Abgeschwächte "Irma" zieht weiter. Im US-Staat Florida haben nach dem Hurrikan "Irma" die Aufräumarbeiten begonnen. Das Ausmaß der Schäden wird nach und nach sichtbar. In der Nacht auf Dienstag bewegte sich "Irma" nach Nordwesten in Richtung der Bundesstaaten Alabama und Tennessee. Bis zum Abend könnte sich das Tief den Prognosen zufolge auflösen. Schätzungen zufolge kamen in der gesamten Region bisher rund 45 Menschen ums Leben.

Von Redaktion, APA. Erstellt am 12. September 2017 (09:16)
Dieser Artikel ist älter als ein Jahr
Auswirkungen in Florida allerorten zu sehen
APA/dpa

Der Sturm riss in vielen Teilen Floridas Hausdächer ab und kappte Leitungen. Millionen Haushalte waren ohne Strom. Nach Angaben des Hurrikanzentrums in Miami gingen die Sturmfluten in den Küstengebieten langsam zurück. Gefahr durch Überschwemmungen bestand jedoch weiter. Die Behörden versprachen, so schnell wie möglich die Strom- und Trinkwasserversorgung wieder herzustellen. In manchen Gebieten könnte dies aber Wochen dauern.

"Irma" schwächte sich am Montagabend (Ortszeit) zu einem tropischen Tief ab, brachte aber weiterhin starken Regen, heftigen Wind und Überschwemmungen in den Bundesstaaten Georgia und South Carolina.

Der Hurrikan war am vergangenen Mittwoch erstmals auf der kleinen Karibikinsel Barbuda an Land getroffen.
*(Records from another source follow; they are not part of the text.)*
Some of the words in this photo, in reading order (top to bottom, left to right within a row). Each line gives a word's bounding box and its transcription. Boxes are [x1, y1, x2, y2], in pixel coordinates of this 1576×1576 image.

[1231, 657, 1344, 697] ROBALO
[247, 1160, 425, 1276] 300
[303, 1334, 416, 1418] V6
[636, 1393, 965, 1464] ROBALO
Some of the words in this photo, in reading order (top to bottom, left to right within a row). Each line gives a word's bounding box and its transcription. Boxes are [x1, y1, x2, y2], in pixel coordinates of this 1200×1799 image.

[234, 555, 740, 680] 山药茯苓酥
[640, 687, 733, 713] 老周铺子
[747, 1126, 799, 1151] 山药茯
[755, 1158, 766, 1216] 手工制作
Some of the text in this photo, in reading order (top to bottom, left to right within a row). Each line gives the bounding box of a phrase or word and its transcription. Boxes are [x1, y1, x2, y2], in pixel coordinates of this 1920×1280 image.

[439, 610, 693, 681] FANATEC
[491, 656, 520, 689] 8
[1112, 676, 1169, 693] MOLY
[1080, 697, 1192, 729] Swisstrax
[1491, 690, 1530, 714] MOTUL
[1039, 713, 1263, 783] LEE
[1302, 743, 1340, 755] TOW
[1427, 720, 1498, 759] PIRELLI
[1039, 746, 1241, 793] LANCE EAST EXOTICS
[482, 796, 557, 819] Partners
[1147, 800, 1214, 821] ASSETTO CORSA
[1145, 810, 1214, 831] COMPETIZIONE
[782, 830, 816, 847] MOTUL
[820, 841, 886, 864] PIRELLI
Es ist einer der schwersten jemals in der Region registrierten Stürme. Einige Gegenden in der Karibik wurden so schwer zerstört, dass sie als unbewohnbar gelten.

In der Karibik gab es 34 Todesopfer, darunter zehn in Kuba. Auch in den USA starben dem Sender ABC zufolge mindestens zehn Menschen: Sechs in Florida, drei in Georgia, ein Opfer gab es in South Carolina.

Angespannt blieb die Lage in Florida: Jacksonville, mit rund 880.000 Einwohnern die größte Stadt des Bundesstaats, stand unter Wasser. Die Pegelstände erreichten nach Angaben der Behörden Rekordhöhen. Ein Park in der Stadt glich einem See, wie auf Aufnahmen zu sehen war.

Auf den Florida Keys boten sich Bilder massiver Verwüstung. Die Inseln waren von der Außenwelt abgeschnitten, Telefon- und Internetverbindungen unterbrochen. Auf Bildern waren zerstörte Häuser zu sehen, sie hatten sich zum Teil von ihren Fundamenten gelöst. Boote wurden aufs Land gespült, Bäume waren eingeknickt. Die Inselgruppe war Sonntagfrüh direkt vom Auge des Sturms getroffen worden. Sie liegt vor der Südspitze Floridas und hat rund 70.000 Einwohner.

Das Weiße Haus rechnete damit, dass geflohene Bewohner möglicherweise über Wochen nicht zurückkehren können. Es werde dauern, bis sich die Gegend von dem Sturm erholt habe, sagte der Heimatschutzberater des Weißen Hauses, Tom Bossert.

Nach Angaben der Behörden waren am Montag mehr als 7,2 Millionen Haushalte und Geschäfte in Florida von der Stromversorgung abgeschnitten - mehr als die Hälfte aller Haushalte in dem US-Staat. Die Katastrophenschutzbehörde Fema rechnete damit, dass einige Gegenden noch über Wochen keinen Strom haben könnten. Floridas Gouverneur Rick Scott sagte: "Wir wollen allen helfen, so schnell wie möglich wieder zum normalen Leben zurückzukehren." Das werde gleichwohl einige Zeit dauern, seien die Schäden mancherorts doch sehr groß.